Thursdaze (because the weekend won’t come fast enough) features original flash fiction modeled after our Drug Chronicles Series. Each story is an original one, and each encapsulates the author’s fictional experience with drugs. Our print series has anthologized authors writing about marijuanacocainespeed, and heroin, but contributors to the web series can focus on any drug, real or imagined, controlled or prescribed, illegal or soon-to-be legalized. Submissions to Thursdaze will be judged on an author’s ability to stylistically emulate his or her substance of choice. Submissions are also limited to 750 words, so try to focus. (They have a pill for that.)

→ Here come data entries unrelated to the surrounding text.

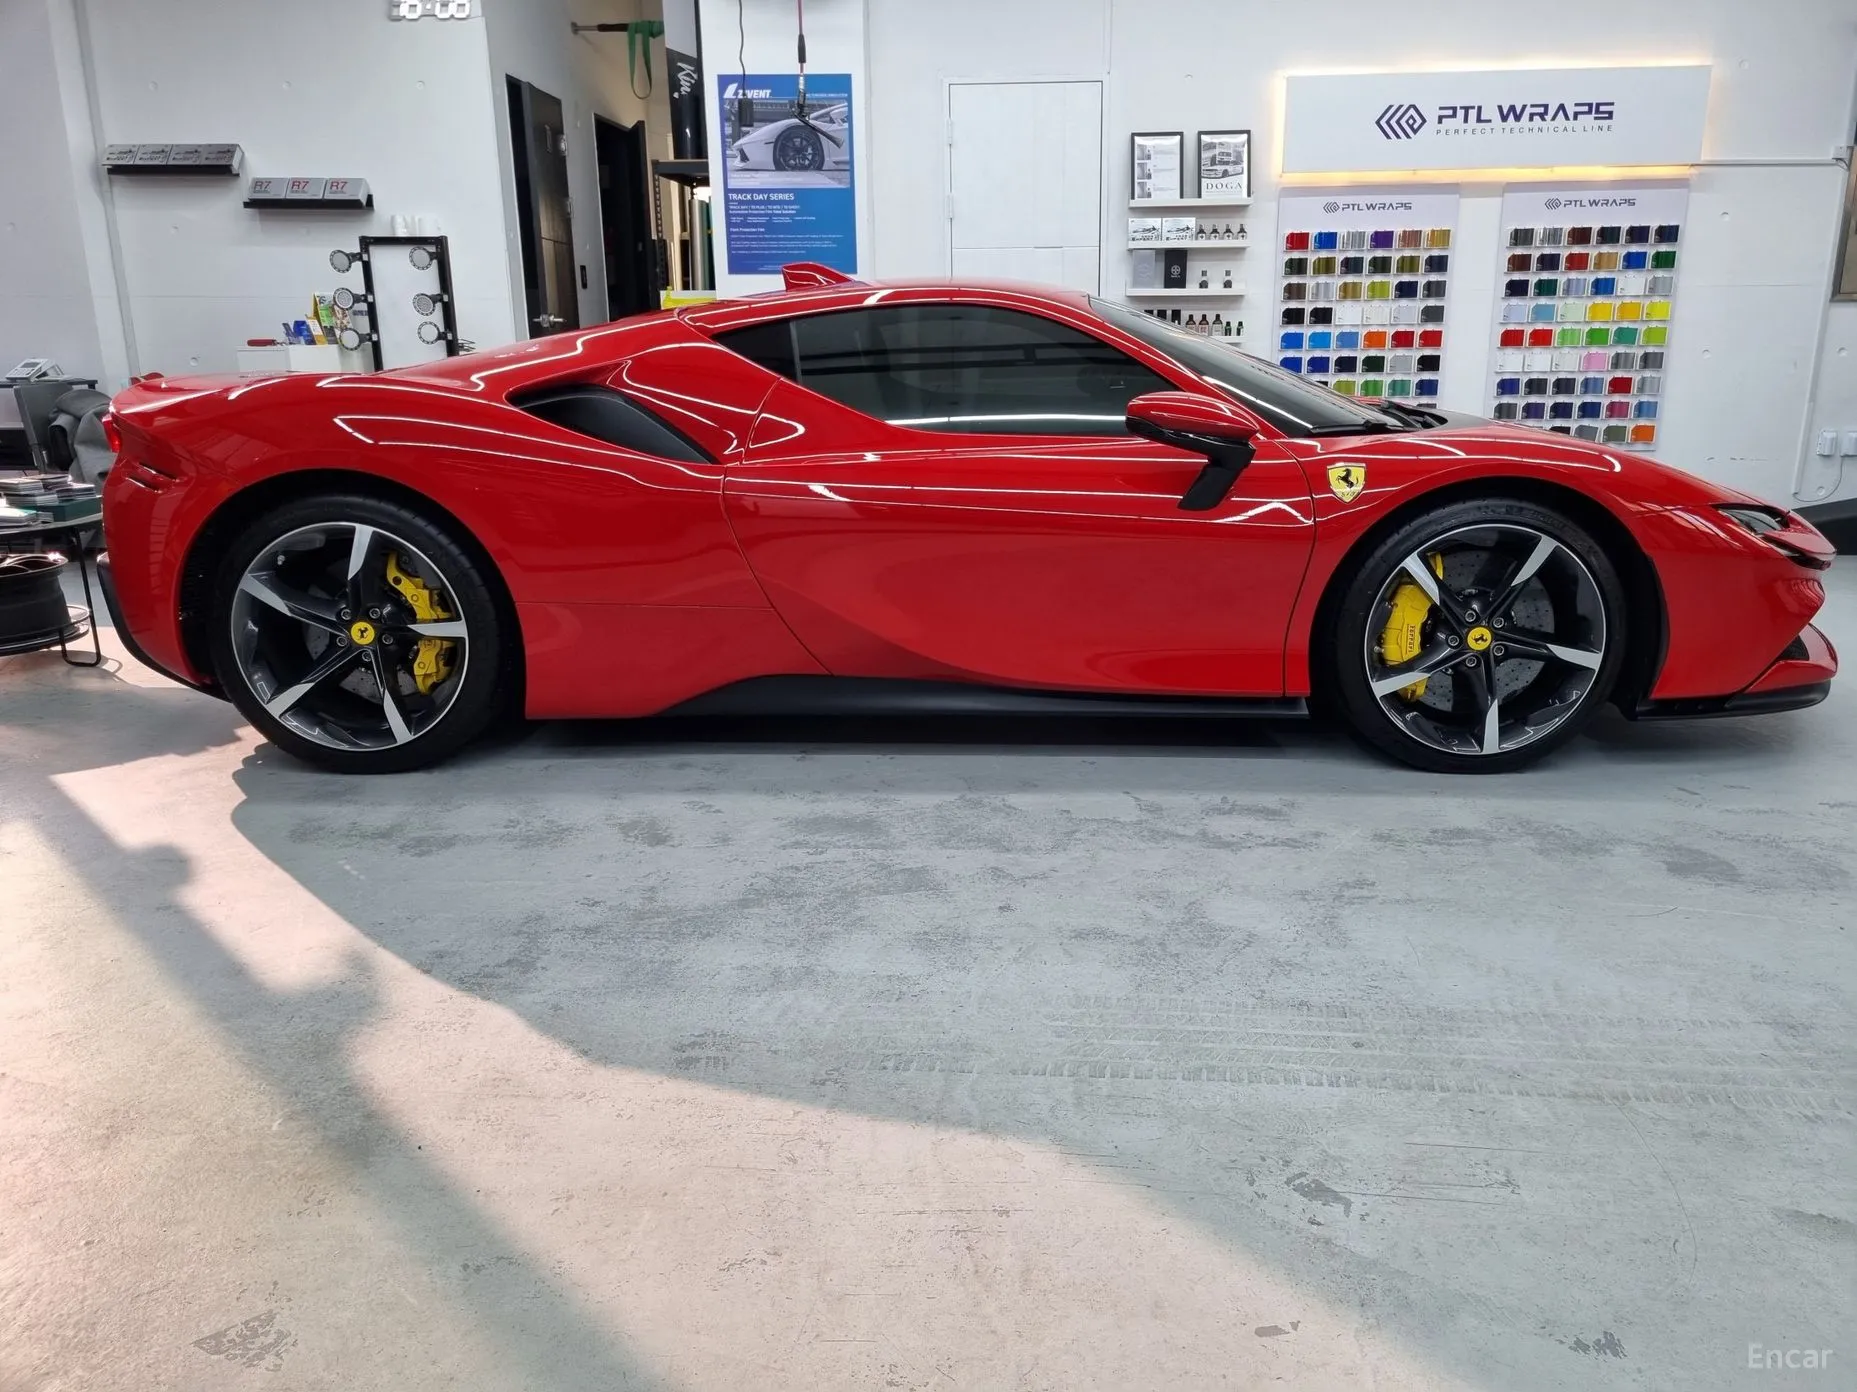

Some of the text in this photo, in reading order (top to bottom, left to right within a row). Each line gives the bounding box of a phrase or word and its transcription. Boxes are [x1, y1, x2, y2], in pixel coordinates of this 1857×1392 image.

[737, 89, 772, 98] ZVENT
[1437, 102, 1616, 125] PTL WRAPS
[1436, 124, 1613, 136] PERFECT TECHNICAL LINE
[253, 180, 272, 190] R7
[291, 180, 310, 190] R7
[330, 180, 348, 190] R7
[728, 193, 752, 201] TRACK
[1341, 202, 1413, 211] PTL WRAPS
[1563, 198, 1637, 208] PTL WRAPS
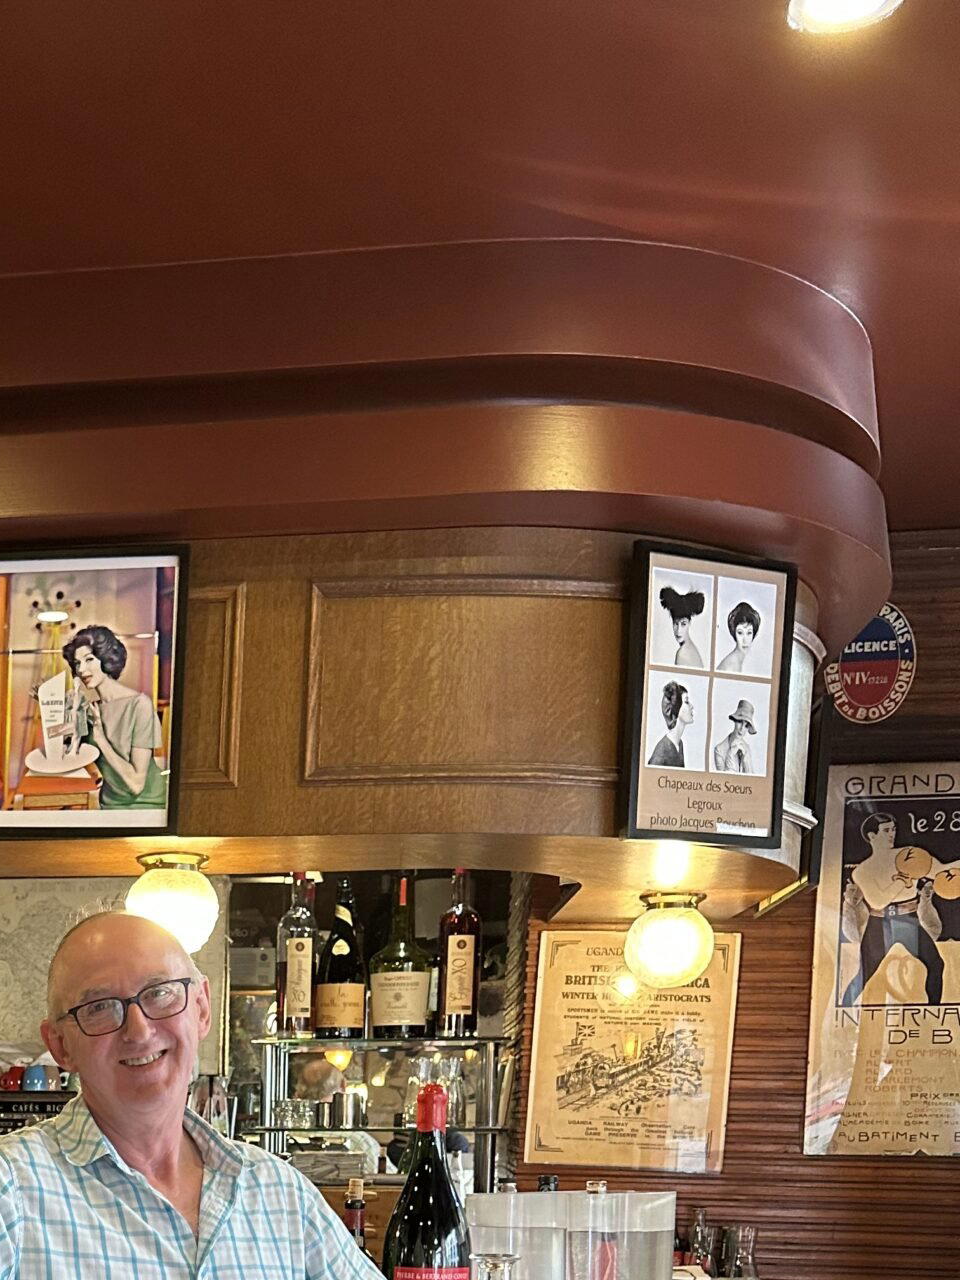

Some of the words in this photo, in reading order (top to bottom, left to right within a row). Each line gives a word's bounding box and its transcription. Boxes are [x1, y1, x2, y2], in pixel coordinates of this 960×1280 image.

[878, 604, 911, 644] PARIS
[844, 640, 897, 653] LICENCE
[826, 663, 849, 706] DEBIT
[855, 660, 913, 719] BOISSONS
[657, 775, 704, 794] Chapeaux
[706, 780, 722, 793] des
[723, 781, 753, 796] Soeurs
[844, 773, 955, 796] GRAND
[687, 796, 723, 813] Legroux
[650, 812, 678, 828] photo
[678, 814, 714, 831] Jacques
[908, 811, 929, 833] le
[586, 946, 624, 956] UGAND
[561, 991, 599, 1001] WINTER
[887, 1029, 920, 1045] DE
[910, 1092, 941, 1100] PRIX
[12, 1103, 40, 1112] CAFÉS
[858, 1131, 940, 1143] BATIMENT
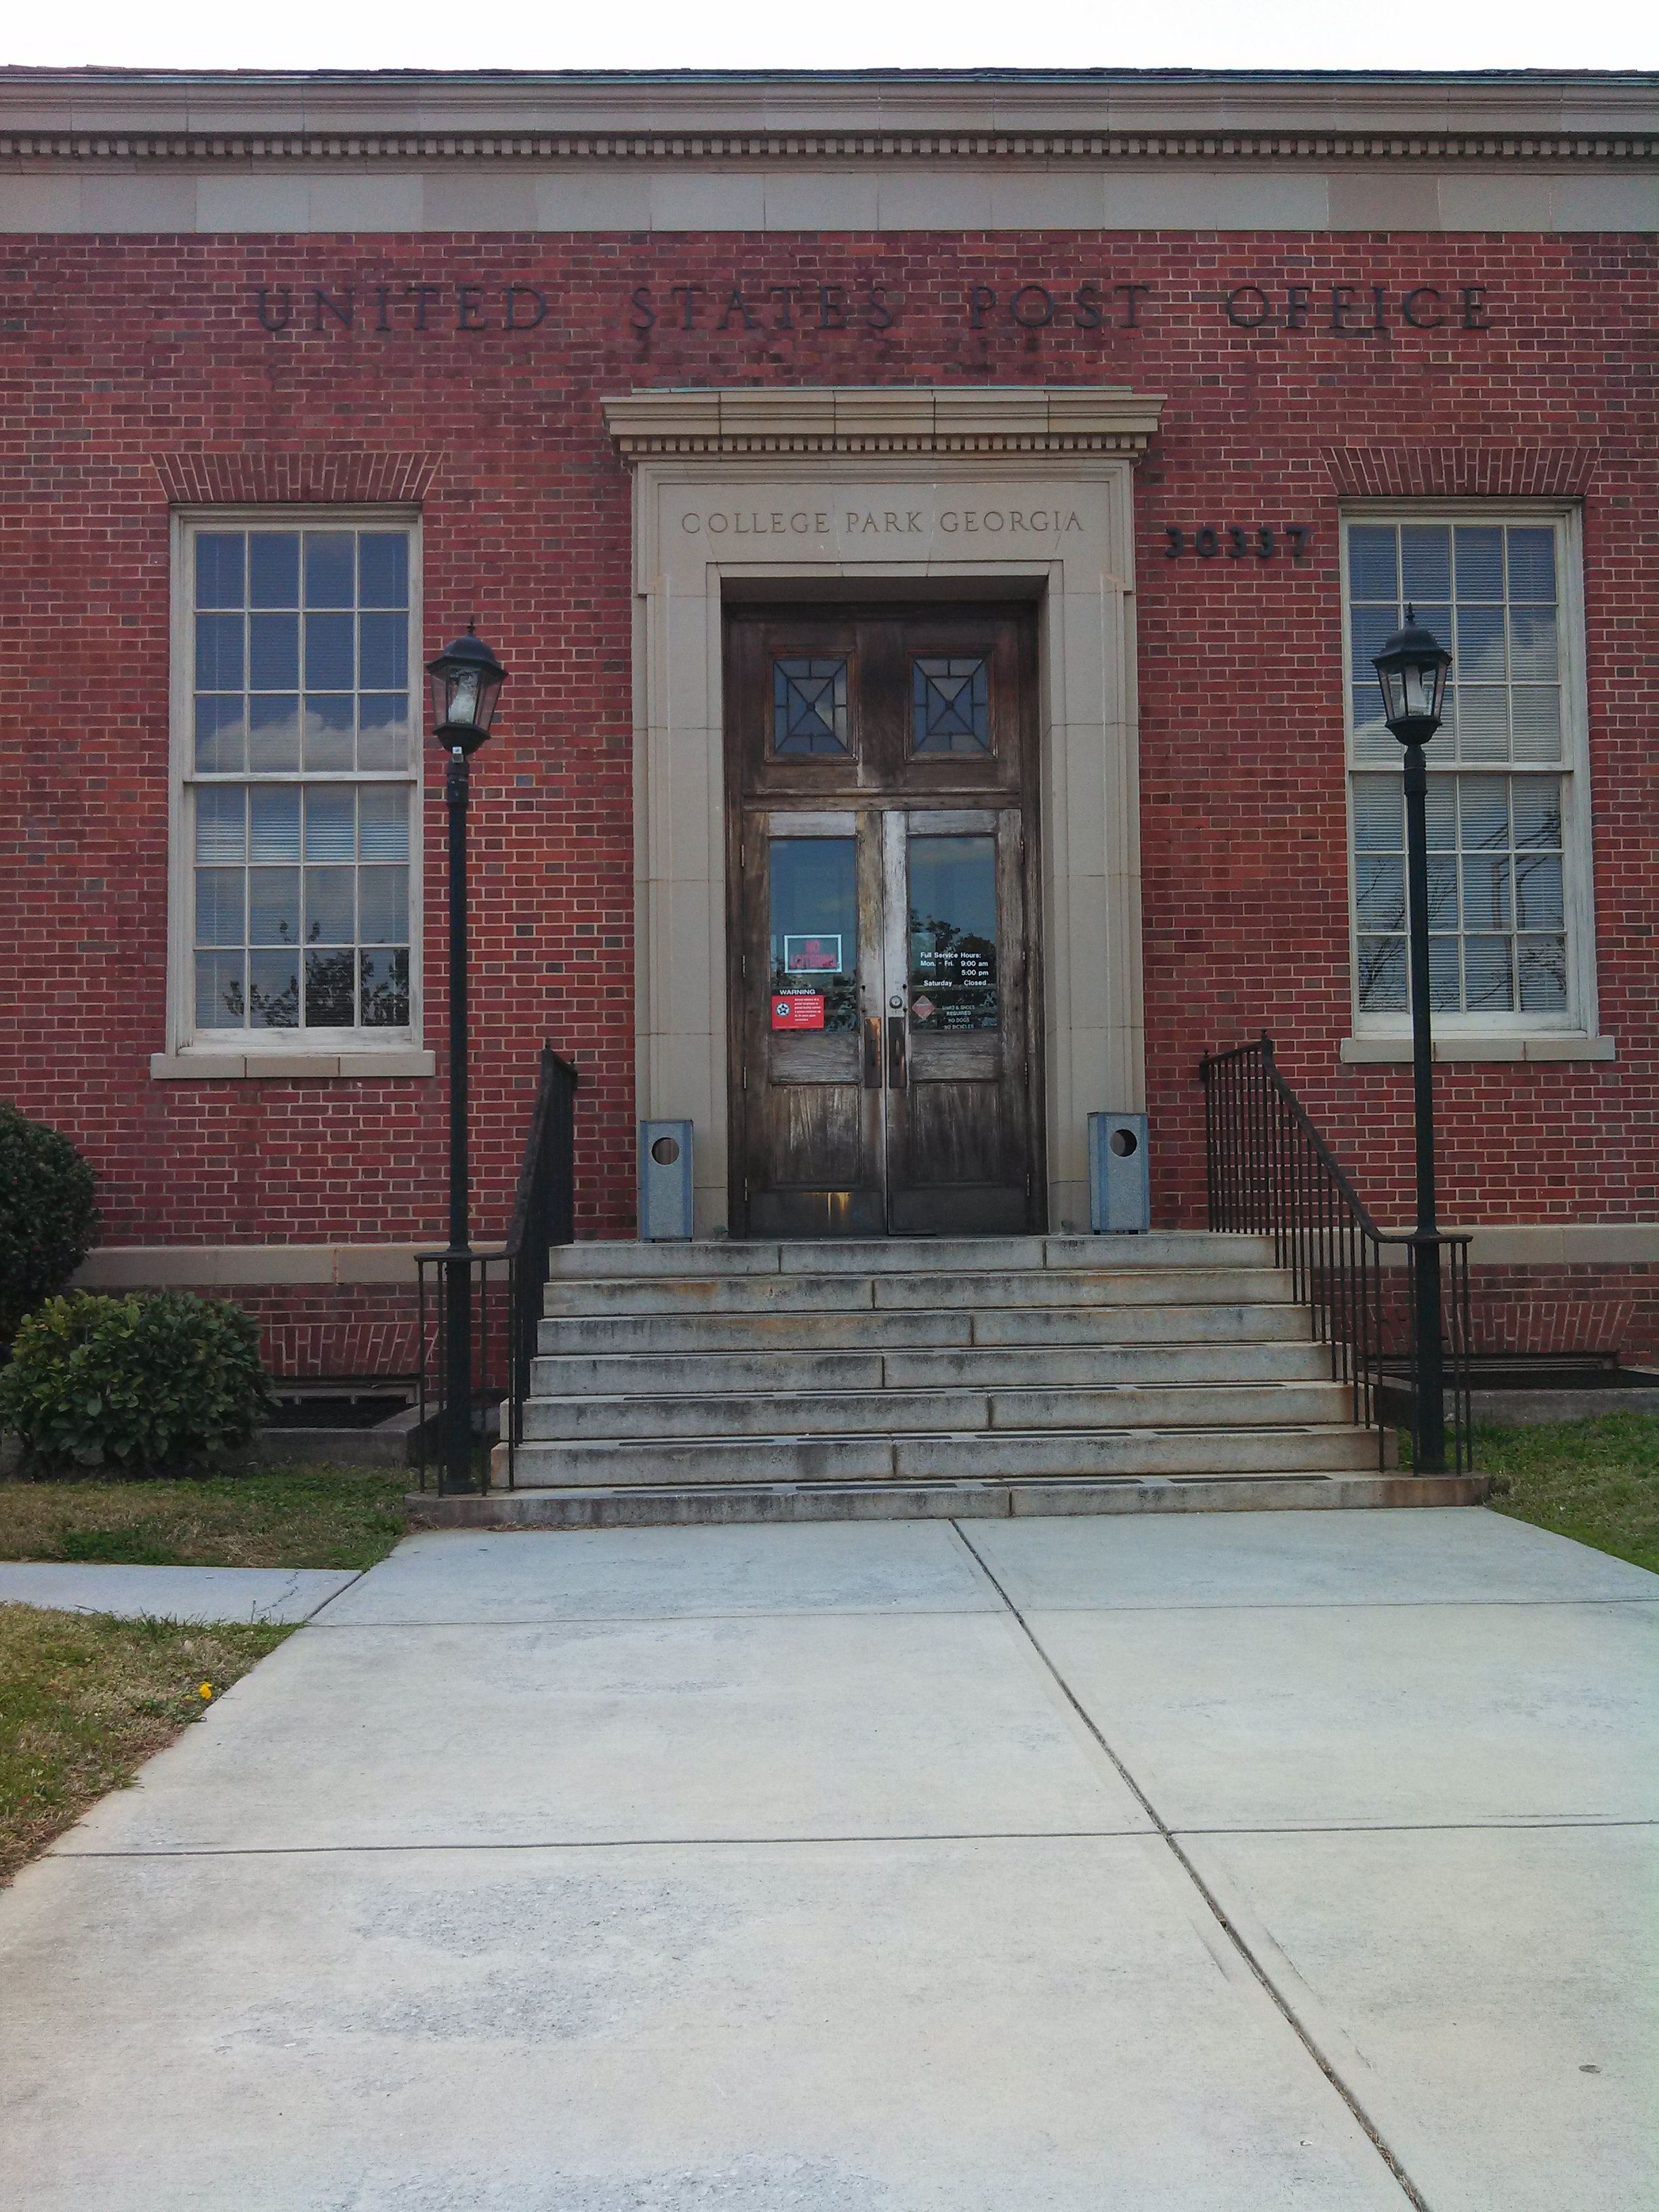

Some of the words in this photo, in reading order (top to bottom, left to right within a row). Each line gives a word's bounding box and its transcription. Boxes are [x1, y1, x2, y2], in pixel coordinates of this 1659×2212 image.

This week, Linda Lenhoff takes us on a trip.

Linda LenhoffThe Friendly Skies
by Linda Lenhoff
Ativan

I was fine when I got on the road that morning—a little nervous, but I’d taken two Ativans. The pills were supposed to be strong enough to get me on the plane and all the way across the Midwest to LA. Not like last time.

Still, I couldn’t believe how hot it was inside the airport. And my luggage felt heavier than usual. I just had the two bags—I knew how to fly. People started pushing into me, and my ears felt like they were filled with Jell-O, and there was just this mass of voices and people brushing into me and this damn dinging sound, so I had to sit down.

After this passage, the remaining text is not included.